Inna: - Zimno i jeszcze bardziej boli mnie noga. - Boli, bo masz silny stan zapalny - oznajmia prowadzący. Pan w ciemnej marynarce: - Mam mrowienie w dłoniach. - Dobrze, czyli jest aktywacja metabolizmu - stwierdza pan Zbyszek. - Najlepsze efekty są po 3-4 miesiącach stosowania tej płytki. Wypróbowali ją, między innymi, Kamil Durczok i Irena Szewińska - twierdzi. Po chwili dowiadujemy się, że dzięki niemu Justyna Kowalczyk przyznała się do depresji. To dopiero wiadomość!

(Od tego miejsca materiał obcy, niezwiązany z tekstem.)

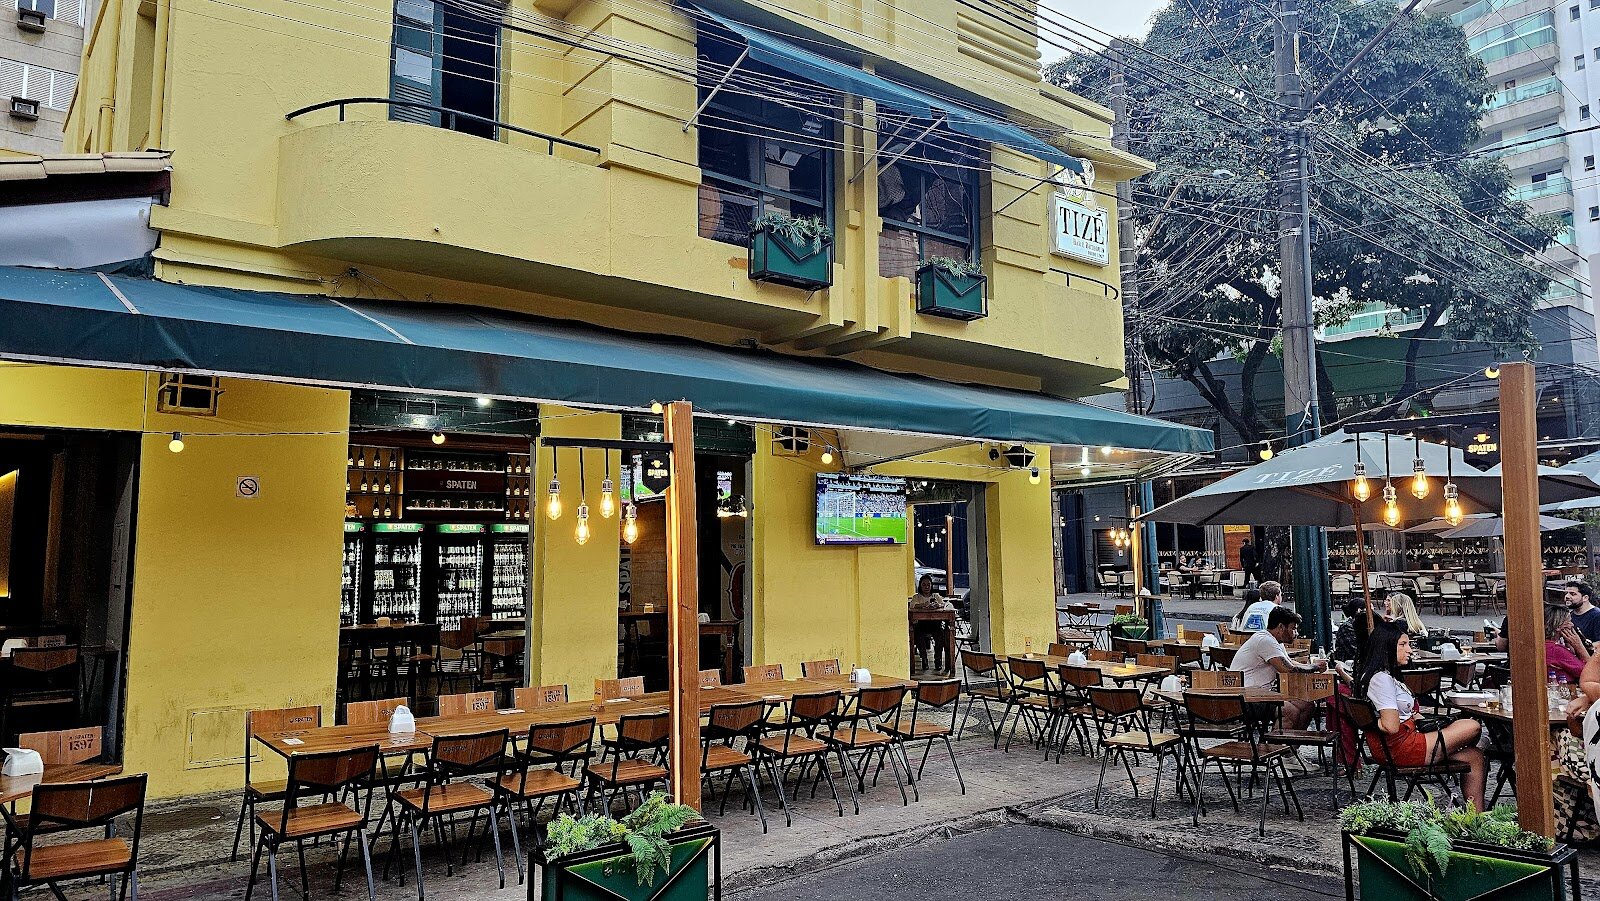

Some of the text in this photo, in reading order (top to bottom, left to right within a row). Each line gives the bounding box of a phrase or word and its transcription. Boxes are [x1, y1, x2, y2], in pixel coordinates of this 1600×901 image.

Dziś promocja, jedyne 1890 zł
Po 3 godzinach wszyscy jesteśmy już zmęczeni. Od siedzenia bolą nas cztery litery. Ale pan Zbyszek kontynuuje. - Dobrze wykonałem swoją pracę? - pyta. - Wszyscy podnosimy ręce w górę i krzyczymy TAAAK. Pan Zbyszek jest zadowolony. - A kto będzie stosował płytkę? - docieka. Odważnych brakuje. - To po co się tyle nagadałem. To był bezpłatny wykład. W lipcu w Bydgoszczy 27 osób zakupiło płytkę, a wy nie chcecie - stwierdza. W końcu z sali pada pytanie. - Ile to kosztuje? - 2600 zł, ale dziś jest promocja - 1890 zł. Można też wziąć na raty. Jak do świniki skarbonki włożycie 4 złote tygodniowo, to wystarczy na miesięczną ratę. Ta płytka działa przez 25 lat - przekonuje pan Zbyszek. W końcu jedno z małżeństw się decyduje, pan Zbyszek mu gratuluje.
Pokaz smarowania
Pozostałym prezentuje cudowne emulsje do skóry i na pajączki na nogach.

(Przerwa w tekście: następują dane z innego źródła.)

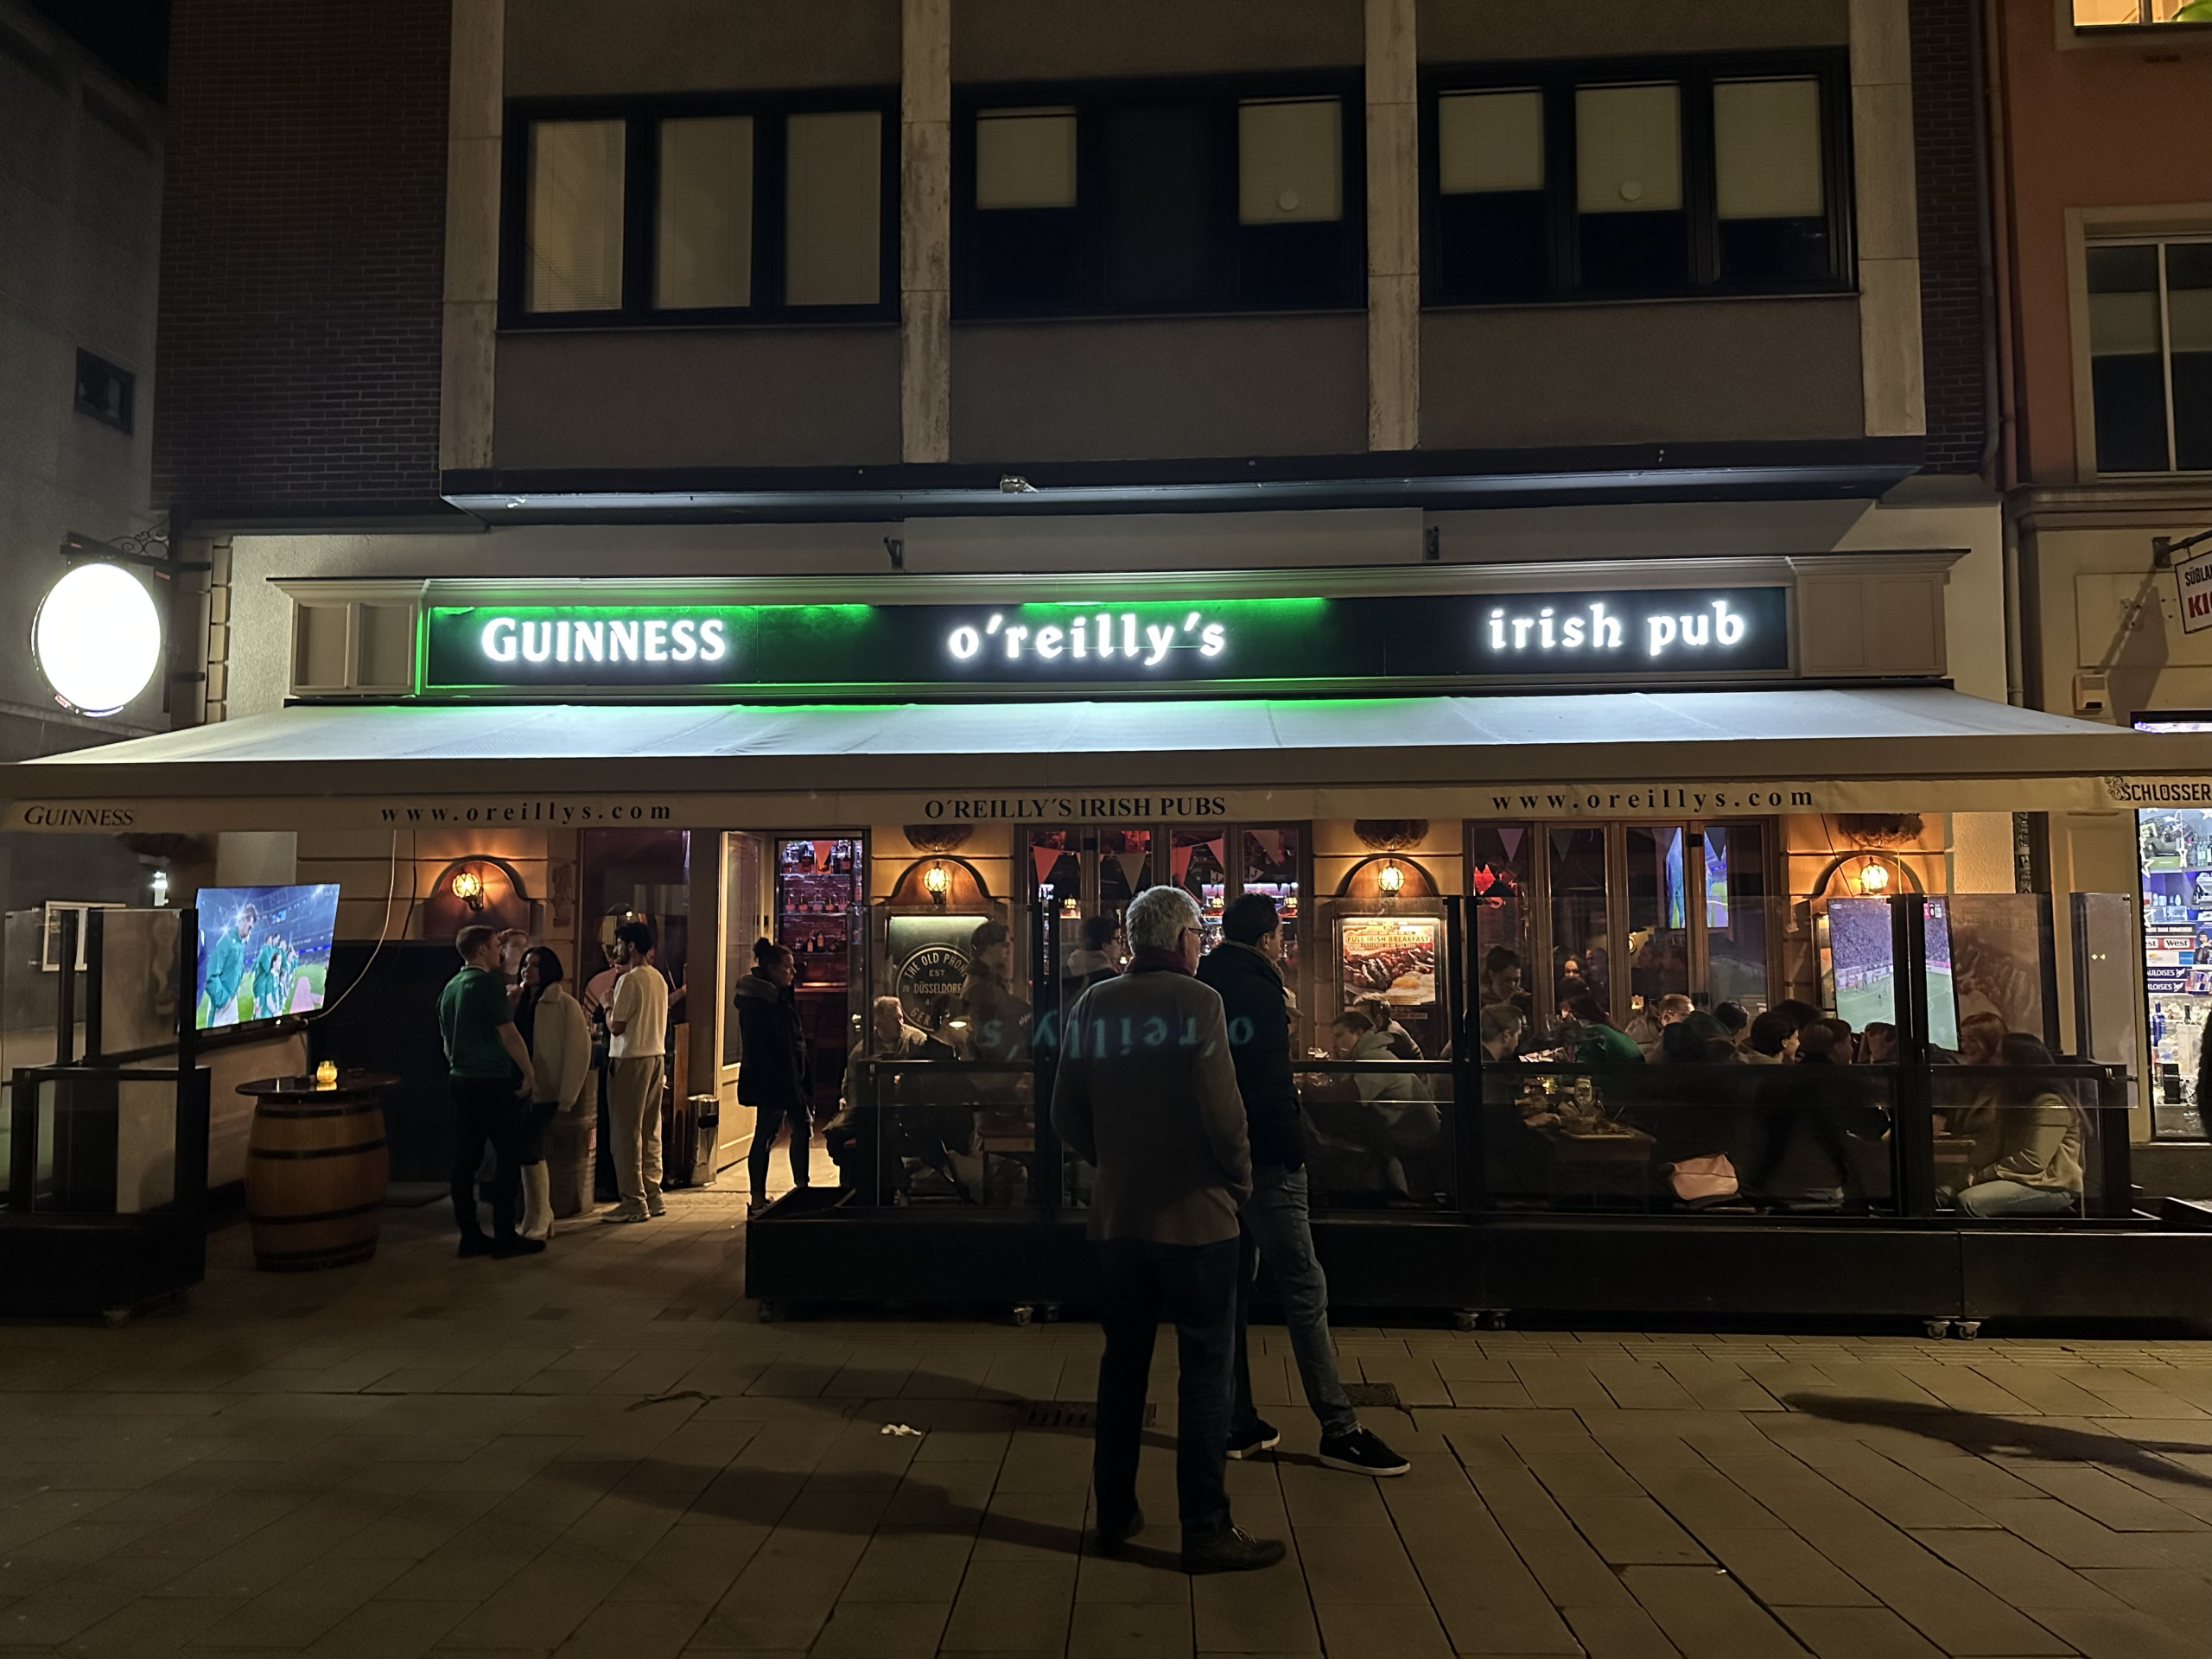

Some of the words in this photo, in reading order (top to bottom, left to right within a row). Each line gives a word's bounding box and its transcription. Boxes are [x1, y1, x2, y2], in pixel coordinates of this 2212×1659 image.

[2188, 591, 2212, 619] KI
[480, 617, 726, 663] GUINNESS
[949, 612, 1225, 666] o'reilly's
[1489, 602, 1624, 650] irish
[1647, 601, 1745, 657] pub
[381, 802, 671, 825] www.oreillys.com
[1080, 797, 1151, 817] IRISH
[1160, 796, 1227, 817] PUBS
[1491, 789, 1814, 813] www.oreillys.com
[24, 805, 134, 826] GUINNESS
[904, 961, 920, 979] THE
[921, 952, 939, 966] OLD
[913, 981, 962, 995] DÜSSELDORF

- To czysta chemia biologiczna, preparat z 30 ziół - przekonuje. Tubka za jedyne 20 zł, dziś okazja, bo normalnie kosztuje więcej. Kilka osób kupuje. Pan Zbyszek zbiera pieniądze i przystępuje do pokazu smarowania. Najpierw emulsję wkłada sobie do nosa, potem odrobinę do ust. W końcu masuje czoło i kark. Potem wyjaśnia jak rano i wieczorem wcierać cud na pajączki. Z trudem powstrzymuję się od śmiechu. Ale seniorzy słuchają z zainteresowaniem i proszą, by powtórzył. Na koniec wszyscy w prezencie dostajemy krem do skóry z miodem i mlekiem.
Czekali na prezenty
Pan Zbyszek na pożegnanie opowiada dowcip, potem składa ręce ku górze i mówi: - Niech łaska Boża na was spłynie i osobiście ściska rękę każdemu. Przy wyjściu zagaduję jedną z pań. - Jak tam się podobało? - Jestem zawiedziona - mówi seniorka. - Wyszlibyśmy już wcześniej z mężem, ale mieli rozdawać ciśnieniomierze, zegarki szwajcarskie i nóż szefa kuchni ze stali nierdzewnej. Tak było w zaproszeniu. Tyle się wysiedzieliśmy, a skończyło się na kremie.
Nie warto w to wierzyć
Na jakie dolegliwości płytka ma pomóc?
Seniorów przekonywano, że płytka Energie Master Kraft pomaga, m.in, na schorzenia nowotworowe, bóle kręgosłupa, stawów, osteoporozę, astmę, zaburzenia snu, szumy w uszach, zmniejsza obrzęki i opuchlizny. Pamiętajmy, że gdyby choć część z tego była prawdziwa, jej twórcy mieliby już Nagrodę Nobla.